Over the past 18 months, we’ve all been happy to watch as the price of 27” 1440p monitors has steadily fallen. With cheaper import panels becoming available, the cost of moving up to a high resolution panel has fallen considerably. I reviewed the Nixeus VUE 27 last year as it was the cheapest way at the time to get a 1440p panel while still getting a US warranty. Now Nixeus is back with a 30” monitor, the Nixeus VUE 30. With the 16:10 aspect ratio that commenters continually ask for and an IPS panel, will this mark the shift of a downward trend for 30” monitor prices as well?

The design of the VUE 30 is similar to the VUE 27 that I previously reviewed. The controls for the display remain in the lower-right and it has the same OSD interface of its predecessor. Since the OSD was one of my faults with the VUE 27 I was hoping to see this improve but it did not. A welcome change, which I also saw on the ASUS PQ321Q, is locating the inputs on the left side of the display and not the bottom. This makes them far more accessible for quickly hooking up a device like a laptop. As the VUE 30 is so large due to the screen size, it has plenty of space to connect cables without them sticking out the sides of the display.

The connections options consist of DisplayPort, DSub, DVI, and HDMI, along with an audio output for headphones. The HDMI port is listed as 1.4a but it does not support 2560x1600 resolutions; if you want the full 2560x1600 resolution you will need to use a DVI-DL or DisplayPort connection. The back of the display is very solid and metal, but the front is a glossy plastic bezel that I would prefer be matte.

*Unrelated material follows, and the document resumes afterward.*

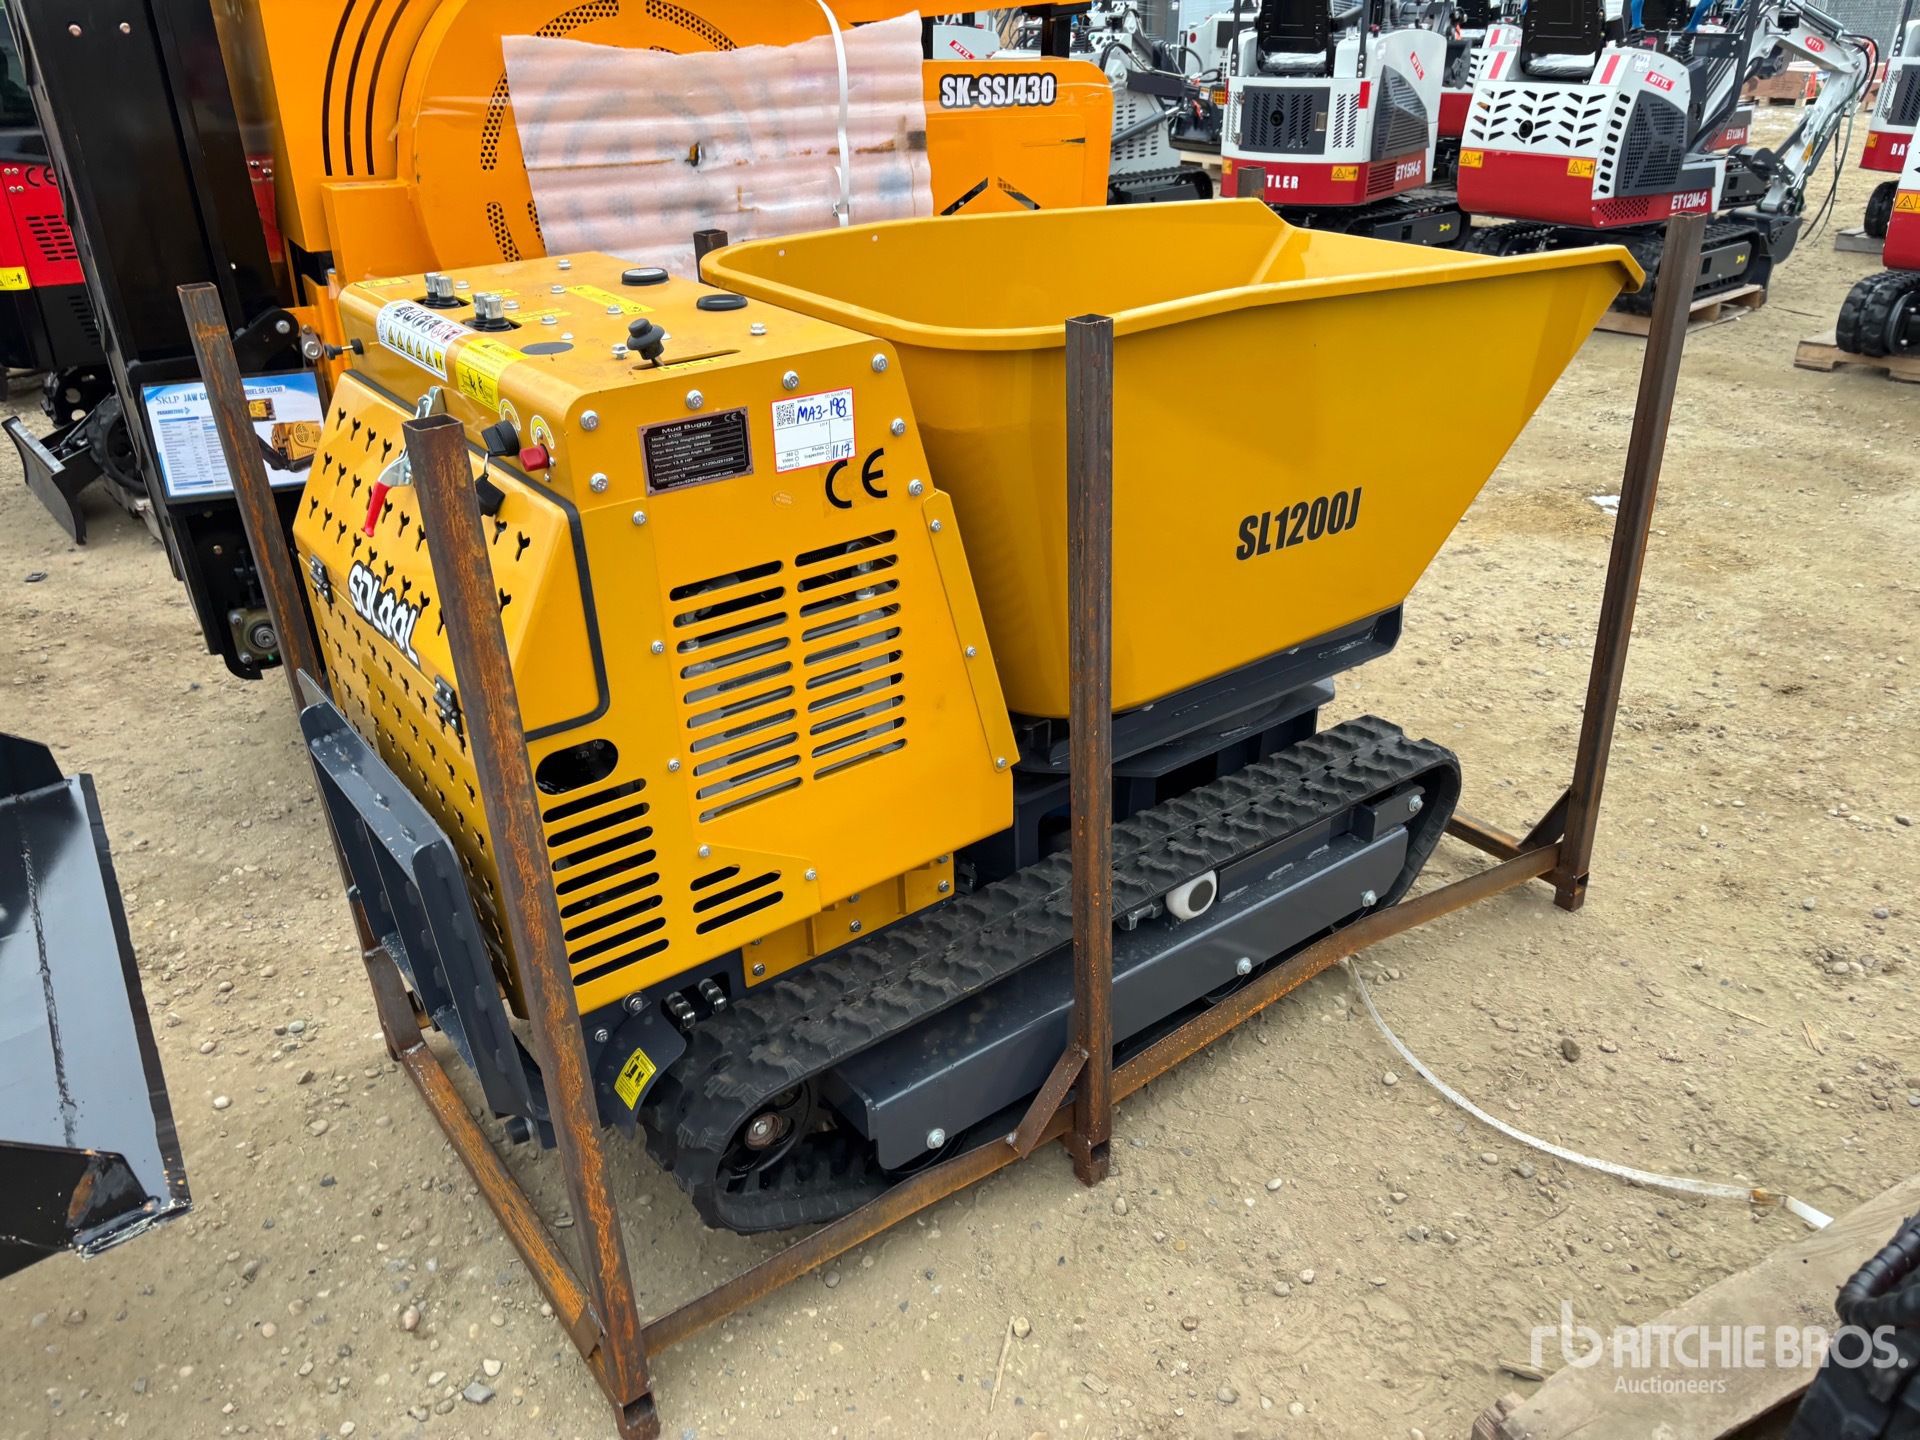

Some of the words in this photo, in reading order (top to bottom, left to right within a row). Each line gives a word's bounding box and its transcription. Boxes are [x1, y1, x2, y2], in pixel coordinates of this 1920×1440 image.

As with the VUE 27 the stand for the monitor screws together with some small screws and not with captive screws or a tool-free mechanism. Compared to the VUE 27 the packaging has greatly improved. Parts are well laid out in the package, and there are no cheap boxes or labels that look like it was transferred straight from a foreign assembly line. The initial feeling of opening the VUE 27 was one of my complaints, as it felt cheap and rushed. Nixeus has learned from that and the packing and presentation of the VUE 30 is much improved.

The stand is also improved from the VUE 27 model. It allows for an easier swivel but lacks any height adjustment and is not as solid as a Dell or ASUS stand would be. The VESA mounting holes are a less common 200mm x 100mm pattern, so aftermarket stands might require an additional adapter to be used. The external power brick and its custom connector have been replaced with a standard IEC port, reducing desk clutter.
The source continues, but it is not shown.